Somehow, Darth Vader and Obi-Wan Kenobi, the last mafia member, aka NuclearSpeed, had come face to face! The two drew their lightsabers and circled each other, warily.
"You've grown weak, old man," taunted Vader.
"Have I? It is you who's grown weak," retorted Obi-wan.
Vader dropped his guard momentarily in disbelief. "No, that COMEBACK was weak, actually. Allow me to escort you off my Death Star TO YOUR DOOM!" Vader moved to strike.
"If you strike me down, I'll become more powerful than you can possibly imagine," Obi-wan said menacingly, parrying the blow and launching a strike of his own.

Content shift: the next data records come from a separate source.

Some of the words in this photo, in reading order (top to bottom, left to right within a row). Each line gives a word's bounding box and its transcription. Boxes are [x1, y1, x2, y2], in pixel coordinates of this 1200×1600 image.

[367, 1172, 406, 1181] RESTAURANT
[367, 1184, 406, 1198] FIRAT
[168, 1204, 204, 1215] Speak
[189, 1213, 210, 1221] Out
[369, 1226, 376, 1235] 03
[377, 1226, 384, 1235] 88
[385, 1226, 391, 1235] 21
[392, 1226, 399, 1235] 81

"Whatever," Vader said, mockingly. "I know you're just gonna turn into a blue spirit and go hang out with those other three I've already dispatched."
Obi-wan looked downtrodden. "... Yeah, you're right. Well, do what you've gotta do." He turned off his lightsaber and Vader struck him down then and there.
-----------------------
MEANWHILE!!!
Jango Fett, the strange, elderly and apparently-not-dead bounty hunter, snuck down a corridor of the Death Star in his stolen stormtrooper uniform. Within moments he was near his destination: there, ahead of him, were Darth Vader, Grand Moff Tarkin, and a host of stormtroopers.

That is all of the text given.